“The only thing missing is you”

When a script is placed on The Black List—an unauthorized survey of the “best” unproduced screenplays making the rounds—it’s generally a calling card for the writer. Many of these works come off to huge success and springboard the author to great heights in hopes more box office winners lay dormant inside his or her mind. With the highly entertaining Edge of Tomorrow, however, this isn’t quite the case. While based on a Japanese young adult novel by Hiroshi Sakurazaka entitled All You Need Is Kill, it wasDante Harper‘s adaptation that ultimately made the aforementioned list and earned the attention of prospective producers. He was the one tasked by 3 Arts Entertainment to bring this foreign tale to America and pique the interest of Hollywood’s largest studios yet he isn’t even credited on the final film.

Multiple ghostwriters are hired all the time because popular opinion states any film holding more than three credited scribes is an omen for disaster, but this one somehow survives intact. I haven’t read the original novel so I don’t know whether Harper’s or Jez and John-Henry Butterworth‘s (polished byChristopher McQuarrie) version was closer to Sakurazaka’s vision.
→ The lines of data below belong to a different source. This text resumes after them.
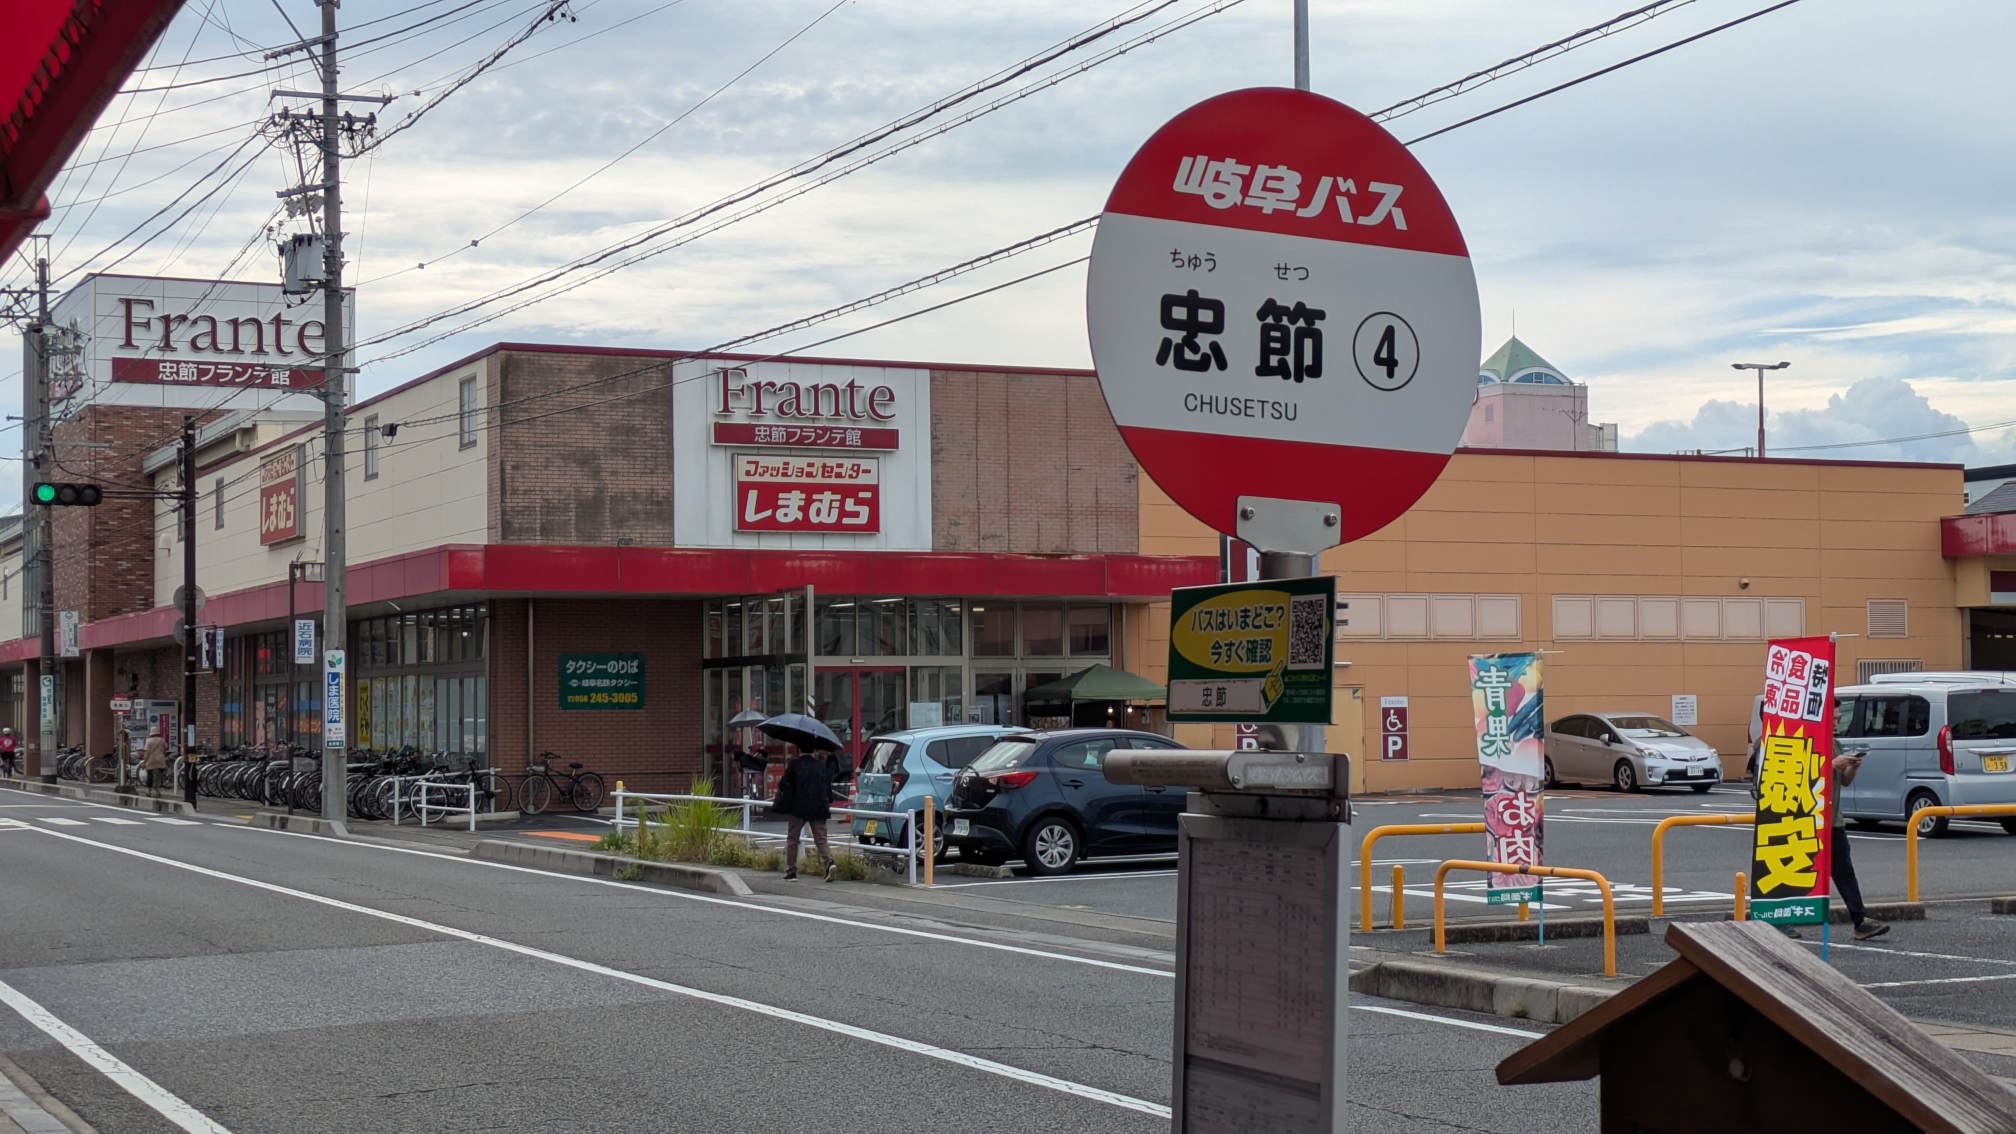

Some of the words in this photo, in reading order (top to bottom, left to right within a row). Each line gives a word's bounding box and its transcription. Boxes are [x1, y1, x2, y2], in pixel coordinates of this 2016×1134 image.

[1172, 154, 1409, 231] 岐阜バス
[1169, 247, 1218, 273] ちゅう
[1273, 261, 1310, 281] せつ
[118, 297, 325, 358] Frante
[158, 361, 291, 386] 忠節フランテ館
[714, 367, 897, 421] Frante
[1184, 392, 1299, 421] CHUSETSU
[754, 425, 862, 447] 忠節フランテ館
[744, 460, 872, 479] ファッションセンター
[261, 487, 295, 535] しまむら
[744, 489, 873, 525] しまむら
[1191, 605, 1285, 632] バスはいまどこ?
[297, 622, 313, 655] 近石病院
[1211, 638, 1273, 664] 今すぐ確認
[566, 659, 639, 674] タクシーのりば
[328, 673, 340, 721] しま医院
[590, 692, 639, 704] 245-3005
[1201, 686, 1227, 708] 忠節
[1388, 736, 1403, 758] P
All I know is that director Doug Liman supposedly scrapped two-thirds of the former’s work before hiring the latter duo to rewrite it from scratch in a way that the lawyers deemed Harper’s influence completely erased. Production became so crazy that Liman actually began without a satisfactorily finished final act. Despite the makings of big budget sci-fi failure, here I am an hour removed from the theater holding genuinely fond memories of an embattled time-traveling popcorn actioner against all odds.

That being said, the ending should have come five minutes sooner—much like its recent cousin Source Code. But if this mainstream concession is the only major issue present after the history Edge of Tomorrow endured, I think we can forgive it or at most walk out a little early. That’s how engrossingly fun the rest of it is at being a fresh, stylishly intelligent shell of the same old alien invasion trope we’ve seen countless times while also providing everything a summer blockbuster should. There’s star power with Tom Cruise, a badass heroine in Emily Blunt, authentic humor courtesy of the plot’s repetitious construction, and impressive battle scenes pitting meched-out human soldiers against their faster, adaptive foes coined “Mimics”. And its cribbing of Groundhog Day‘s conceit proves a perfect vehicle to explain its concept of time travel.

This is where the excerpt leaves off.